Real Client Stories · Medicare & Insurance
A real case that shows how Medicare’s rules can work against you, and what to do when they do.
This is a real situation I’m currently helping a client work through. I’m sharing it because I’ve seen how confusing and frustrating this kind of thing can be — and knowing what’s actually happening makes a big difference.
How it started
My client had disc replacement surgery back in 2004. In July 2025, he started having serious pain in his neck and shoulder, along with bad headaches. His doctor submitted a request to his insurance company for approval to get an MRI.
In the meantime, my client made some changes on his own — different sleeping position, different pillow — and the pain improved. Since things were feeling better, he cancelled the MRI appointment.
Round two — the pain came back
In mid-February 2026, the pain returned and got worse. The hospital scheduled a new MRI, and the doctor resubmitted the insurance approval request.
This time, it was denied.
My client was puzzled. He asked a completely reasonable question: “If it was approved once, why is it denied now?”
Here’s what the rules actually say
After some digging, we found out that Medicare does not allow an insurance company to resubmit the same referral again within one year of the first submission. It didn’t matter that the first MRI was cancelled. In Medicare’s eyes, that referral had already been used — the clock started when it was submitted.
Why the doctor’s appeals weren’t working
The doctor’s office had been filing appeals, trying to get the denial reversed. But here’s the problem — they were appealing a denial that was based on a timing rule. No appeal could fix that, because the issue wasn’t about medical necessity. It was about when the referral was submitted.
The appeals were the wrong tool for the problem.
The actual solution
Once the insurance company’s representative got involved and understood the full picture, they contacted the doctor’s office with a different approach. Instead of submitting a new referral, the doctor needs to request an extension of the original referral — the one from July 2025. That’s the referral that was approved. Extending it keeps the timeline intact and works within Medicare’s rules.

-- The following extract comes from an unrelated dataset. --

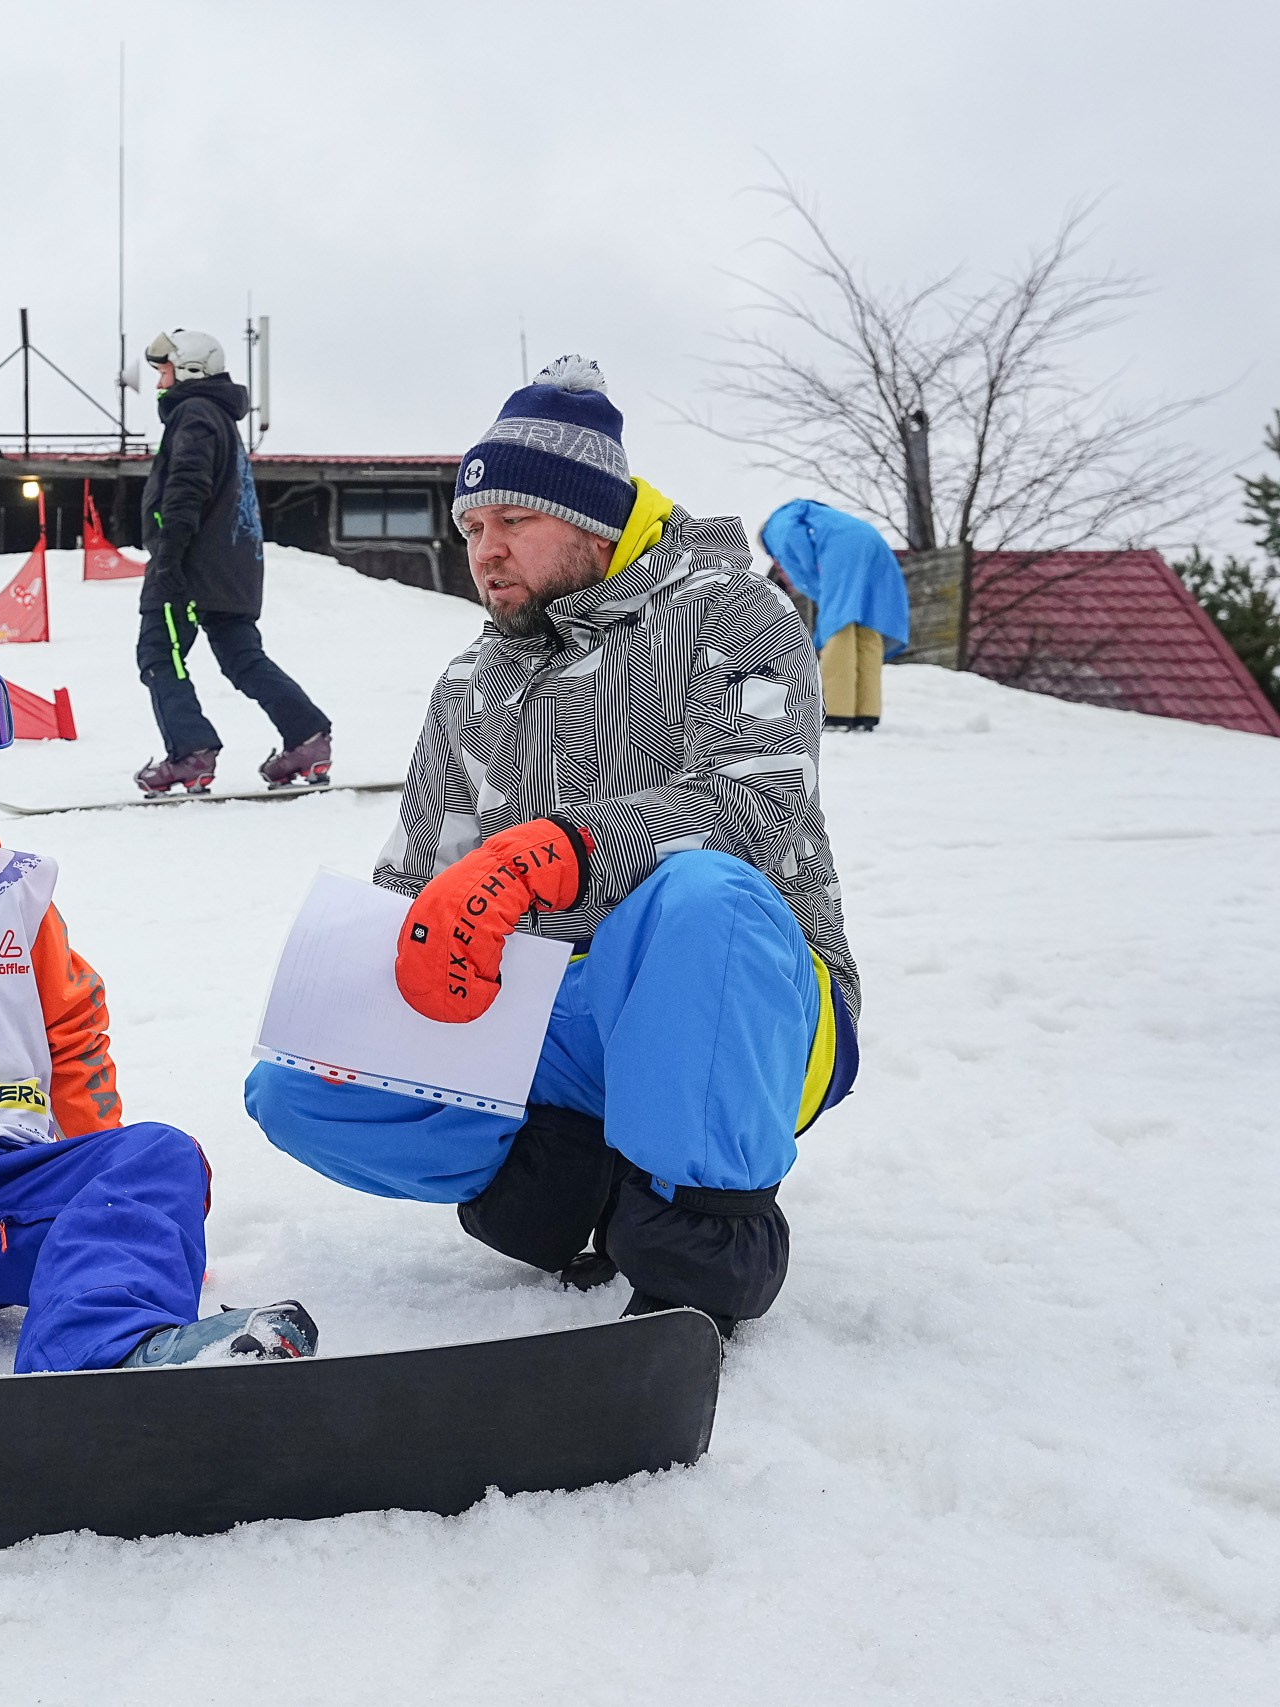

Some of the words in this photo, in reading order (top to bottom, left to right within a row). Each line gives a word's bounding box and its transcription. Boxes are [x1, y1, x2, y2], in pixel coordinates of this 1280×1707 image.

[512, 842, 561, 876] SIX
[452, 865, 517, 946] EIGHT
[448, 952, 468, 999] SIX

If that extension gets approved, my client is supposed to call the insurance company and cancel the current appeal — because at that point, it’s no longer needed.
What I want you to take away from this
If you ever run into a situation where something was approved, then denied later, don’t assume someone made a mistake or that the system is simply broken. There may be a timing rule or procedural issue that nobody explained to you. The fix might not be an appeal — it might be a completely different kind of request.
When you don’t know what question to ask, it’s easy to go in circles. That’s exactly what I’m here to help with.
I’ll update this post when we know how the extension request turns out.